### TASK ITEM
With the pictures left out, copy the listing below exactly.

### EXERCISE MATERIAL
BEGIN

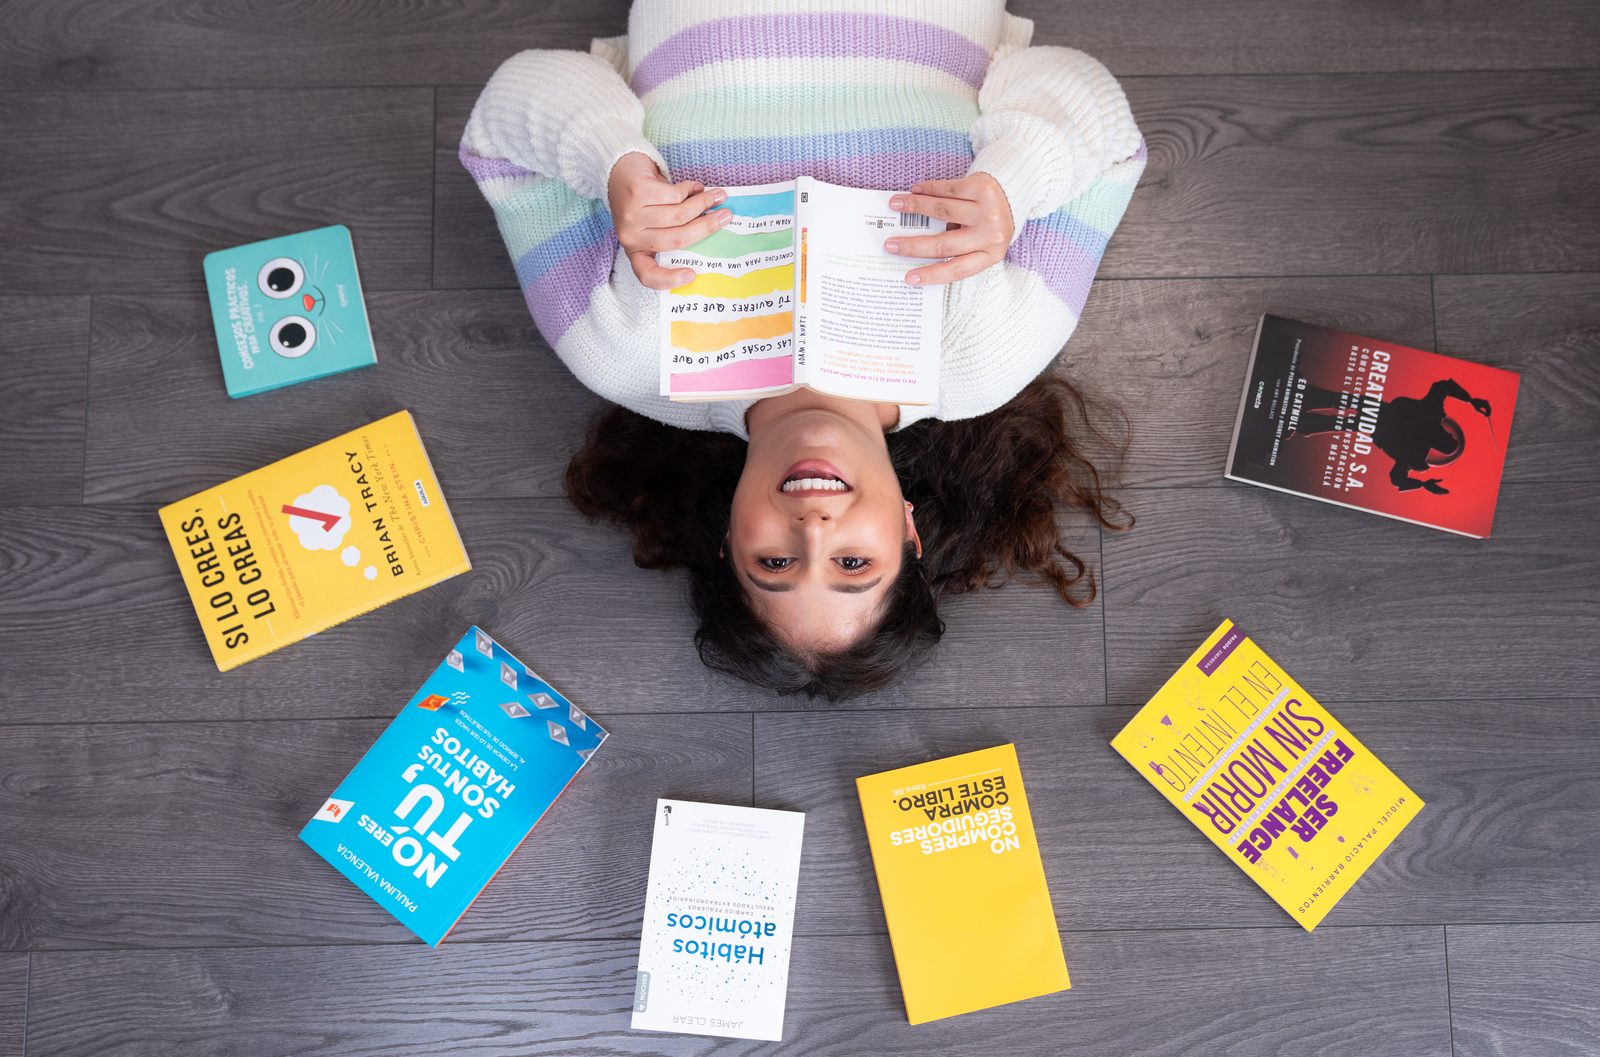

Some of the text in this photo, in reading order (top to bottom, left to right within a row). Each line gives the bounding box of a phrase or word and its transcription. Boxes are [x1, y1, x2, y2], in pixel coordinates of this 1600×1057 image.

[670, 257, 703, 266] CREATIVA
[744, 257, 760, 266] PARA
[764, 251, 793, 261] CONSEJOS
[224, 267, 254, 369] CONSEJOS PRÁCTICOS
[670, 295, 790, 313] TÚ QUIERES QUE SEAN
[247, 334, 260, 354] PARA
[672, 338, 791, 364] LAS COSAS SON LO QUE
[1346, 344, 1359, 372] HASTA
[1253, 380, 1264, 408] conecta
[1343, 375, 1352, 386] EL
[1279, 387, 1291, 415] ANIMATION
[1287, 377, 1307, 432] ED CATMULL
[1333, 390, 1349, 431] INFINITO
[1274, 419, 1284, 438] DISNEY
[1332, 347, 1370, 490] CÓMO LLEVAR LA INSPIRACIÓN
[1344, 350, 1390, 491] CREATIVIDAD, S.A.
[358, 433, 377, 461] Times
[1268, 438, 1280, 466] ANIMATION
[1327, 443, 1339, 462] MÁS
[368, 460, 385, 483] York
[1321, 464, 1334, 487] ALLÁ
[378, 482, 394, 505] New
[344, 451, 404, 576] BRIAN TRACY
[386, 503, 401, 523] The
[399, 491, 427, 545] CHRISTINA
[180, 508, 248, 649] SI LO CREES,
[217, 512, 275, 619] LO CREAS
[1203, 648, 1223, 669] EMPRESA
[1153, 659, 1283, 794] EN EL INTENTO
[1262, 695, 1327, 760] SIN
[430, 727, 515, 799] HÁBITOS
[417, 744, 500, 818] SON TUS
[892, 775, 1006, 811] ESTE LIBRO.
[1190, 736, 1288, 838] MORIR
[389, 763, 474, 862] TÚ,
[922, 791, 1008, 821] COMPRA
[1236, 738, 1355, 864] FREELANCE
[889, 805, 1012, 846] SEGUIDORES
[1289, 793, 1338, 842] SER
[357, 814, 448, 888] NO ERES
[920, 820, 1016, 854] COMPRES
[990, 834, 1020, 854] NO
[1297, 795, 1406, 914] MIGUEL PALACIO BARRIENTOS
[336, 843, 417, 912] PAULINA VALENCIA
[687, 904, 754, 916] CAMBIOS PEQUEÑOS
[731, 902, 774, 911] RESULTADOS
[666, 912, 776, 939] atómicos
[672, 938, 764, 965] Hábitos
[671, 1014, 744, 1029] JAMES CLEAR
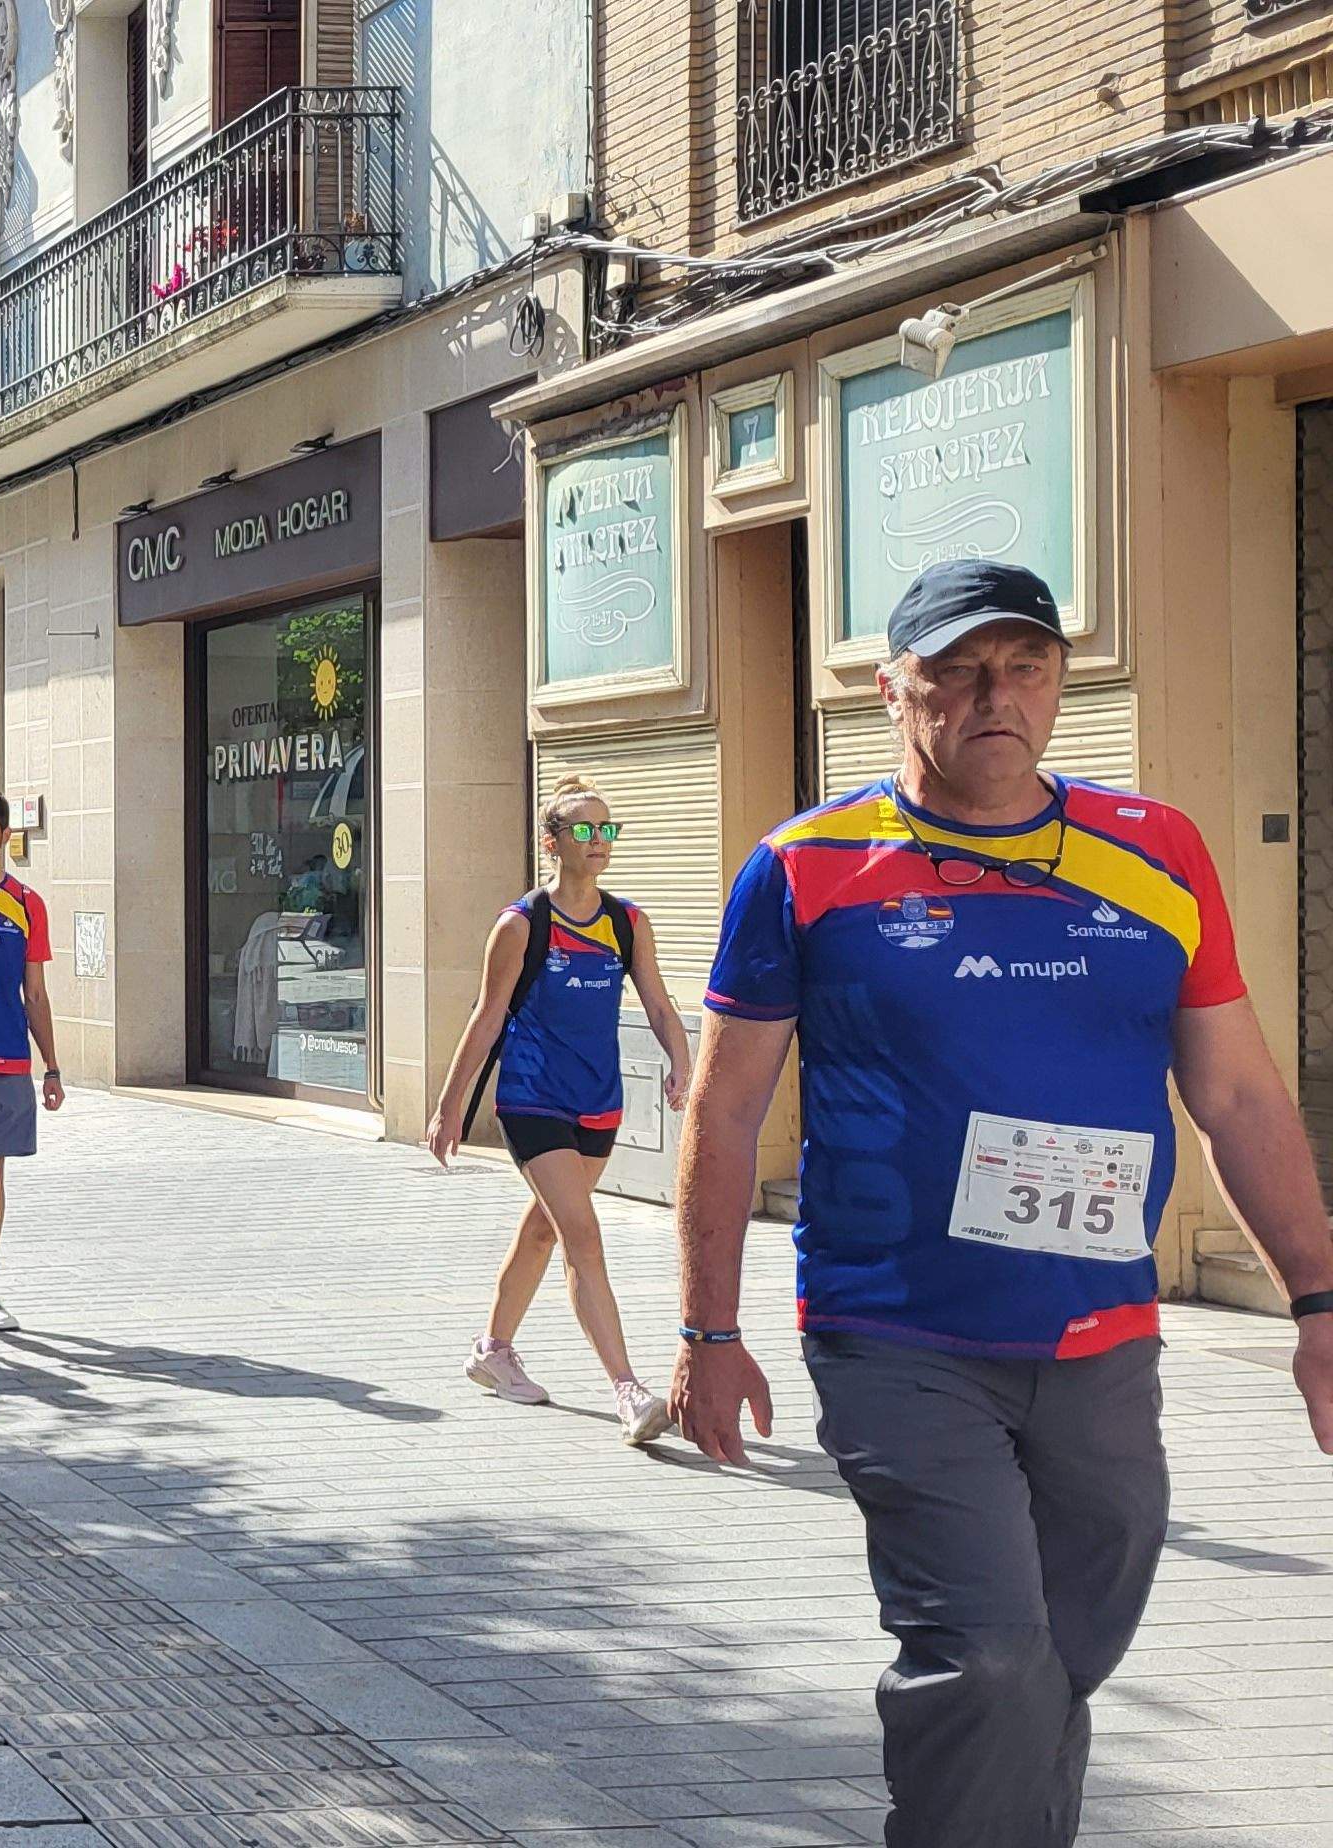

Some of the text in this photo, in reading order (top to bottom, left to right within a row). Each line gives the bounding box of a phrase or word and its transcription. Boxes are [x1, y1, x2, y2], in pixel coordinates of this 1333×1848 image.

[743, 415, 759, 457] 7
[128, 489, 349, 582] CMC MODA HOGAR
[214, 730, 344, 781] PRIMAVERA
[335, 831, 350, 859] 30
[1067, 923, 1149, 942] Santander
[1010, 955, 1089, 982] mupol
[584, 977, 611, 990] mupol
[307, 1034, 359, 1055] @cmchuesca
[1003, 1184, 1116, 1235] 315
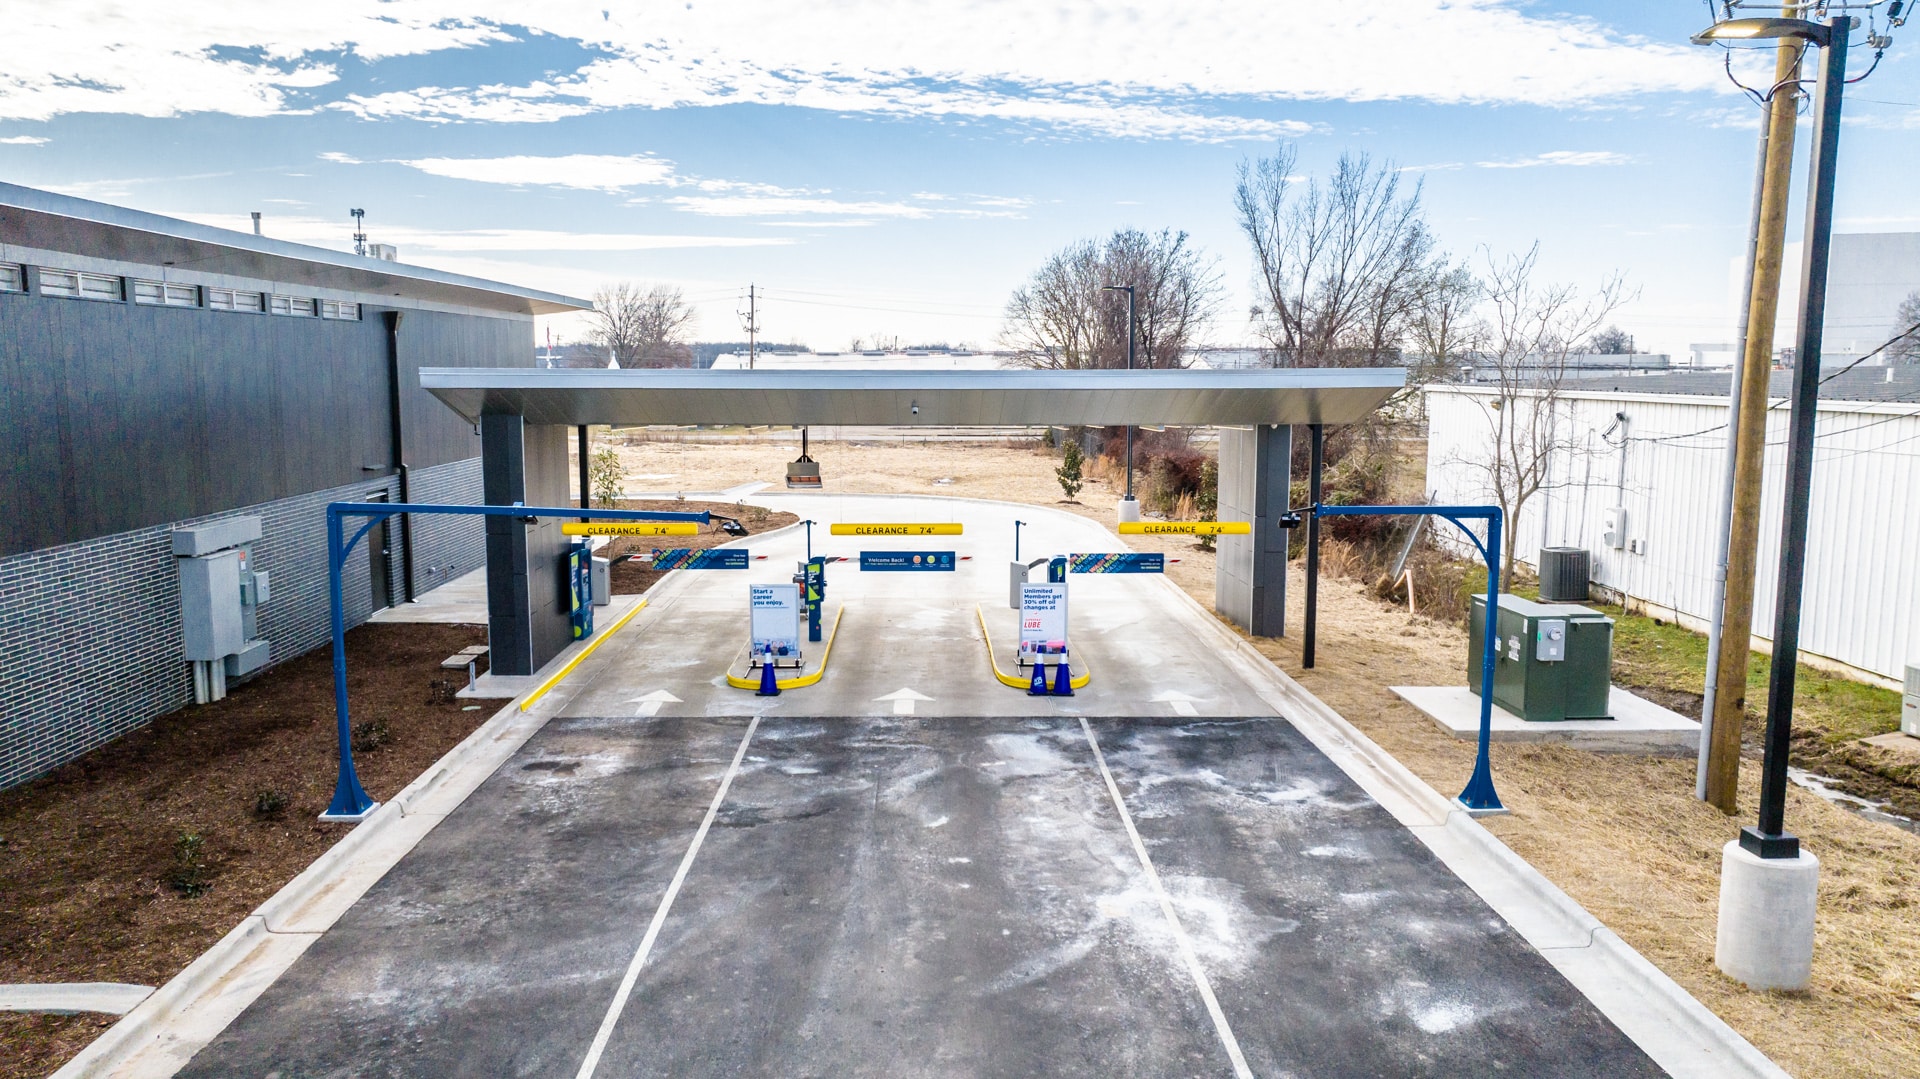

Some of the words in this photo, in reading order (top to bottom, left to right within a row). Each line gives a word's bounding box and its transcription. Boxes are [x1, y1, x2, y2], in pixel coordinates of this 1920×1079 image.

[587, 527, 640, 535] CLEARANCE
[654, 527, 670, 535] 7'4"
[855, 527, 908, 535] CLEARANCE
[919, 527, 935, 535] 7'4"
[1144, 525, 1196, 533] CLEARANCE

END

### OUTPUT OF THE EXERCISE
Some of the text in this photo, in reading order (top to bottom, left to right within a row). Each line gives the bounding box of a phrase or word and its transcription. Boxes are [x1, y1, x2, y2], in pixel coordinates of this 1600×1057 image.

[670, 257, 703, 266] CREATIVA
[744, 257, 760, 266] PARA
[764, 251, 793, 261] CONSEJOS
[224, 267, 254, 369] CONSEJOS PRÁCTICOS
[670, 295, 790, 313] TÚ QUIERES QUE SEAN
[247, 334, 260, 354] PARA
[672, 338, 791, 364] LAS COSAS SON LO QUE
[1346, 344, 1359, 372] HASTA
[1253, 380, 1264, 408] conecta
[1343, 375, 1352, 386] EL
[1279, 387, 1291, 415] ANIMATION
[1287, 377, 1307, 432] ED CATMULL
[1333, 390, 1349, 431] INFINITO
[1274, 419, 1284, 438] DISNEY
[1332, 347, 1370, 490] CÓMO LLEVAR LA INSPIRACIÓN
[1344, 350, 1390, 491] CREATIVIDAD, S.A.
[358, 433, 377, 461] Times
[1268, 438, 1280, 466] ANIMATION
[1327, 443, 1339, 462] MÁS
[368, 460, 385, 483] York
[1321, 464, 1334, 487] ALLÁ
[378, 482, 394, 505] New
[344, 451, 404, 576] BRIAN TRACY
[386, 503, 401, 523] The
[399, 491, 427, 545] CHRISTINA
[180, 508, 248, 649] SI LO CREES,
[217, 512, 275, 619] LO CREAS
[1203, 648, 1223, 669] EMPRESA
[1153, 659, 1283, 794] EN EL INTENTO
[1262, 695, 1327, 760] SIN
[430, 727, 515, 799] HÁBITOS
[417, 744, 500, 818] SON TUS
[892, 775, 1006, 811] ESTE LIBRO.
[1190, 736, 1288, 838] MORIR
[389, 763, 474, 862] TÚ,
[922, 791, 1008, 821] COMPRA
[1236, 738, 1355, 864] FREELANCE
[889, 805, 1012, 846] SEGUIDORES
[1289, 793, 1338, 842] SER
[357, 814, 448, 888] NO ERES
[920, 820, 1016, 854] COMPRES
[990, 834, 1020, 854] NO
[1297, 795, 1406, 914] MIGUEL PALACIO BARRIENTOS
[336, 843, 417, 912] PAULINA VALENCIA
[687, 904, 754, 916] CAMBIOS PEQUEÑOS
[731, 902, 774, 911] RESULTADOS
[666, 912, 776, 939] atómicos
[672, 938, 764, 965] Hábitos
[671, 1014, 744, 1029] JAMES CLEAR

Some of the text in this photo, in reading order (top to bottom, left to right within a row). Each line gives the bounding box of a phrase or word and its transcription. Boxes are [x1, y1, x2, y2], in pixel coordinates of this 1333×1848 image.

[743, 415, 759, 457] 7
[128, 489, 349, 582] CMC MODA HOGAR
[214, 730, 344, 781] PRIMAVERA
[335, 831, 350, 859] 30
[1067, 923, 1149, 942] Santander
[1010, 955, 1089, 982] mupol
[584, 977, 611, 990] mupol
[307, 1034, 359, 1055] @cmchuesca
[1003, 1184, 1116, 1235] 315

Some of the words in this photo, in reading order (top to bottom, left to right within a row). Each line gives a word's bounding box and its transcription. Boxes are [x1, y1, x2, y2], in pixel coordinates of this 1920×1079 image.

[587, 527, 640, 535] CLEARANCE
[654, 527, 670, 535] 7'4"
[855, 527, 908, 535] CLEARANCE
[919, 527, 935, 535] 7'4"
[1144, 525, 1196, 533] CLEARANCE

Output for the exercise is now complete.